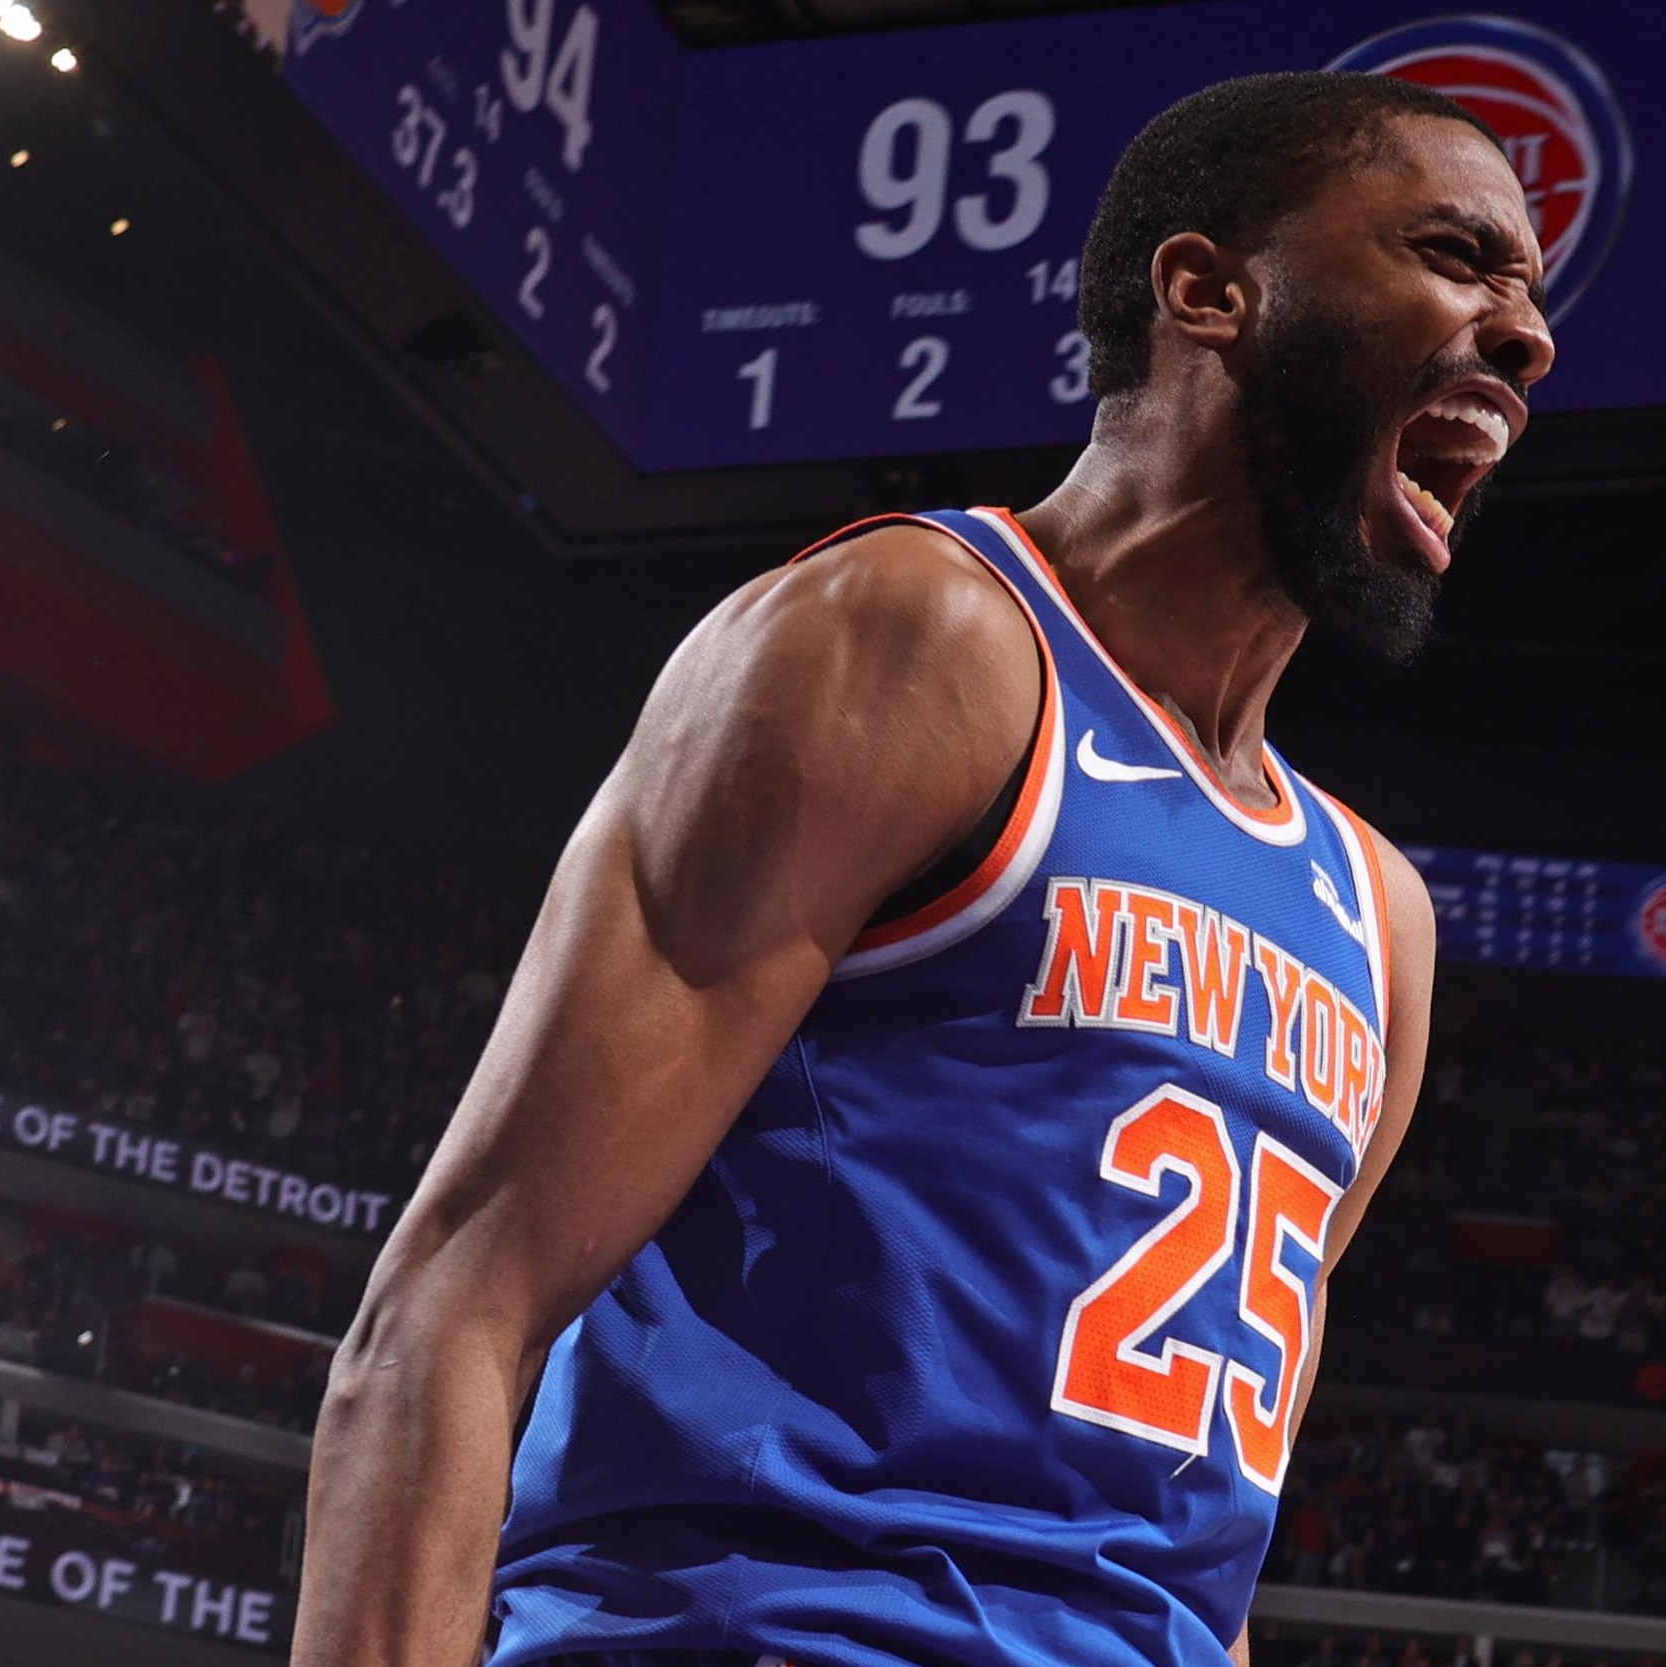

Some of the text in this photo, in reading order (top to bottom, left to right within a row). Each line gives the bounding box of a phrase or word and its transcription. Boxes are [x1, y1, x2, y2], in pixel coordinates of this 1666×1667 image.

[500, 0, 599, 171] 94
[853, 89, 1056, 259] 93
[519, 226, 551, 319] 2
[1026, 258, 1079, 304] 14
[585, 302, 617, 394] 2
[737, 348, 778, 429] 1
[891, 336, 950, 420] 2
[1050, 330, 1091, 404] 3
[1016, 877, 1250, 1058] NEW
[12, 1105, 80, 1152] OF
[87, 1123, 180, 1184] THE
[190, 1151, 390, 1232] DETROIT
[1051, 1082, 1345, 1498] 25
[51, 1551, 137, 1611] OF
[154, 1569, 273, 1645] THE
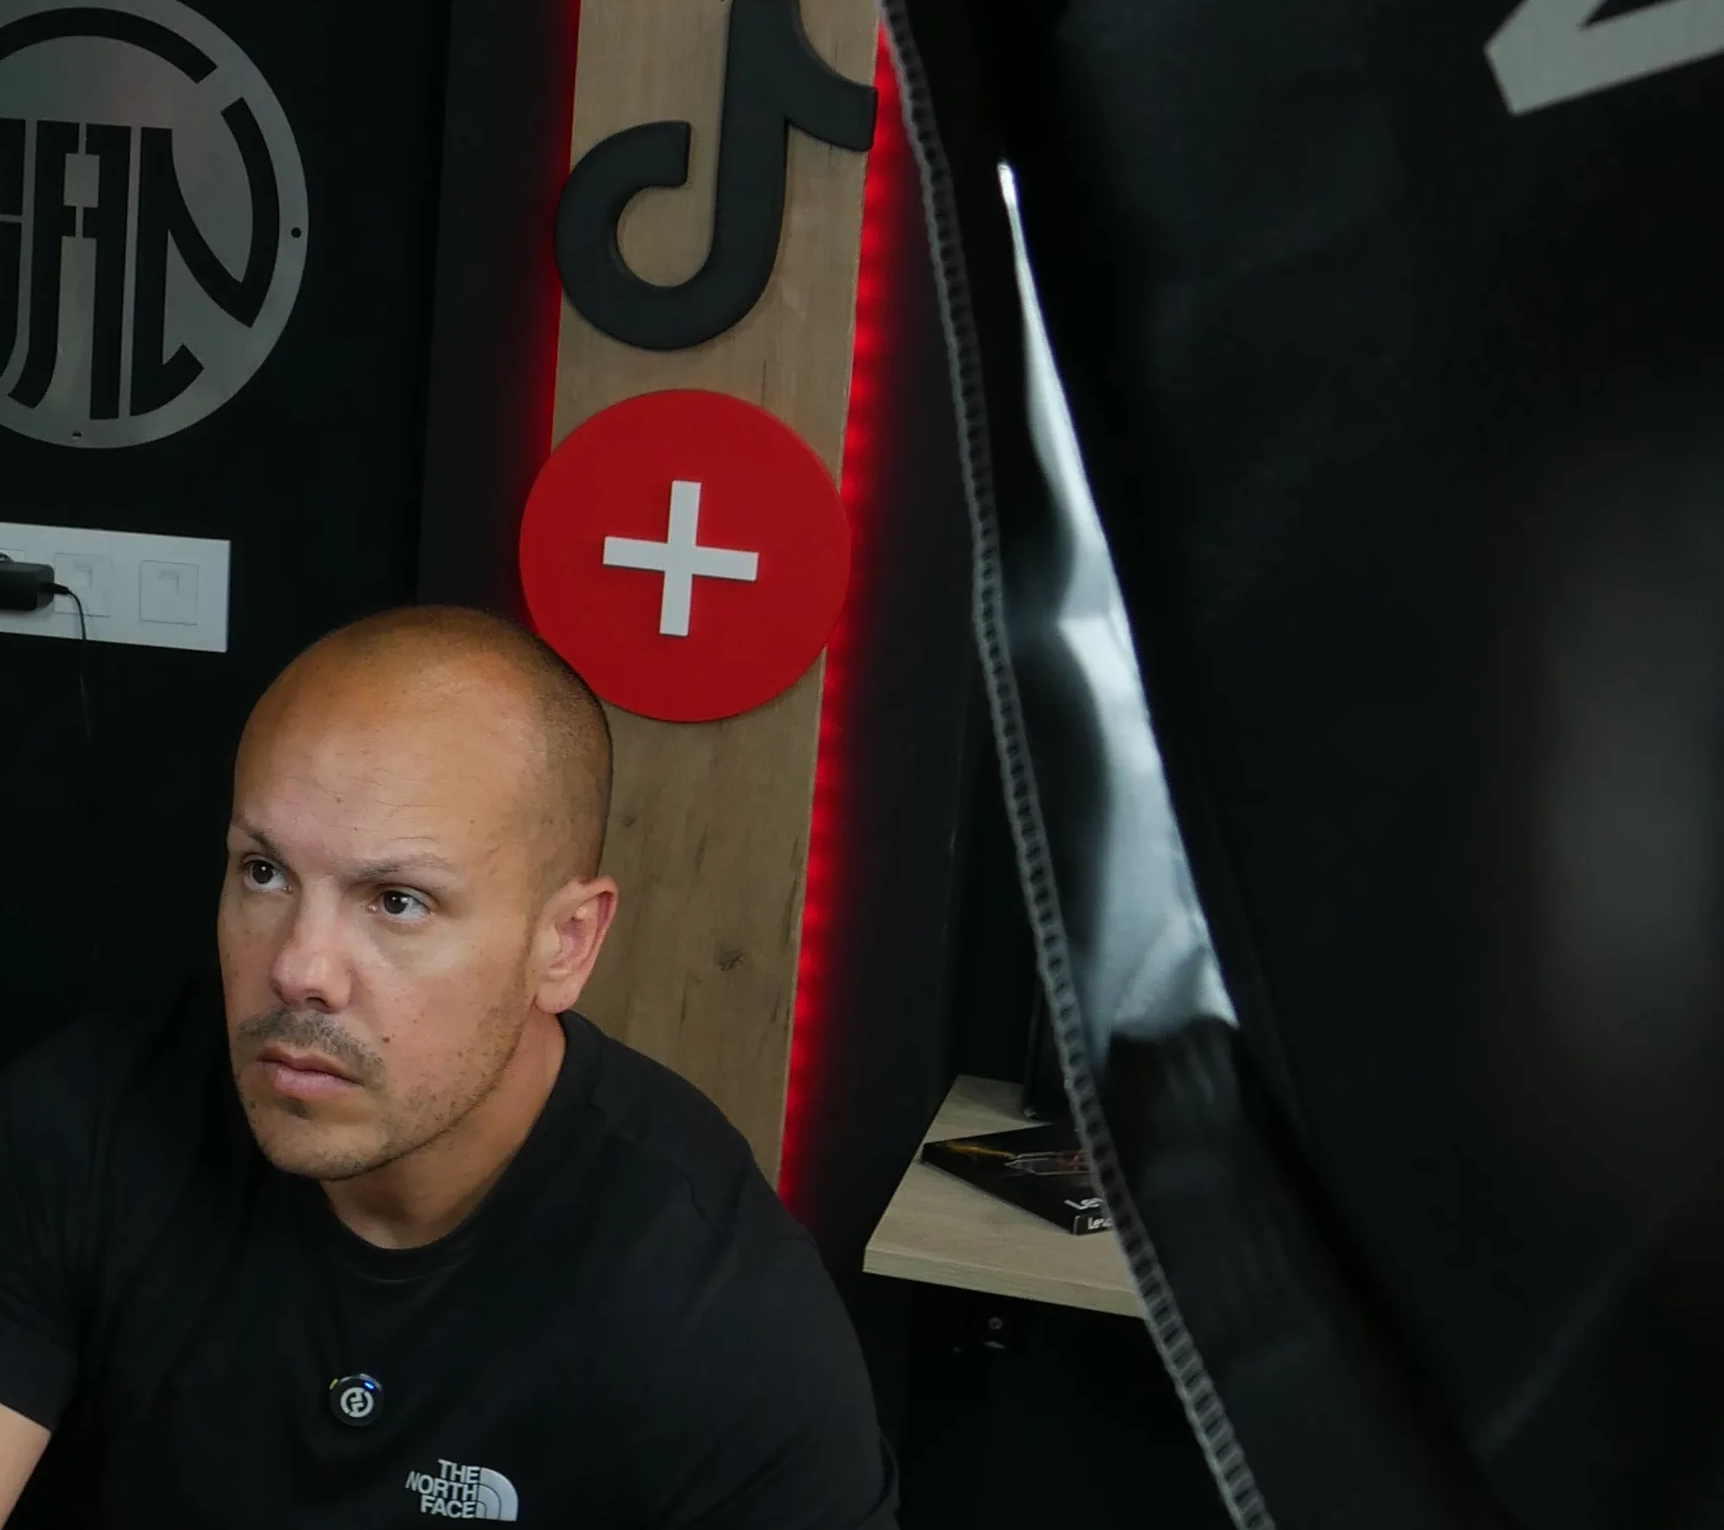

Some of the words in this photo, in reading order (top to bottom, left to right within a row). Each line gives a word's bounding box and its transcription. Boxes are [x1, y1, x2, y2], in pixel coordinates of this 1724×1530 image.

[438, 1458, 481, 1484] THE
[405, 1470, 478, 1502] NORTH
[420, 1494, 477, 1519] FACE

Work task →
The records above, copied word for word without the pictures, are what should be output.

Reply →
Some of the text in this photo, in reading order (top to bottom, left to right within a row). Each line gives the bounding box of a phrase or word and its transcription. Boxes are [x1, y1, x2, y2], in pixel coordinates of this 1666×1667 image.

[500, 0, 599, 171] 94
[853, 89, 1056, 259] 93
[519, 226, 551, 319] 2
[1026, 258, 1079, 304] 14
[585, 302, 617, 394] 2
[737, 348, 778, 429] 1
[891, 336, 950, 420] 2
[1050, 330, 1091, 404] 3
[1016, 877, 1250, 1058] NEW
[12, 1105, 80, 1152] OF
[87, 1123, 180, 1184] THE
[190, 1151, 390, 1232] DETROIT
[1051, 1082, 1345, 1498] 25
[51, 1551, 137, 1611] OF
[154, 1569, 273, 1645] THE

Some of the words in this photo, in reading order (top to bottom, left to right within a row). Each line gives a word's bounding box and its transcription. Boxes are [x1, y1, x2, y2], in pixel coordinates of this 1724×1530 image.

[438, 1458, 481, 1484] THE
[405, 1470, 478, 1502] NORTH
[420, 1494, 477, 1519] FACE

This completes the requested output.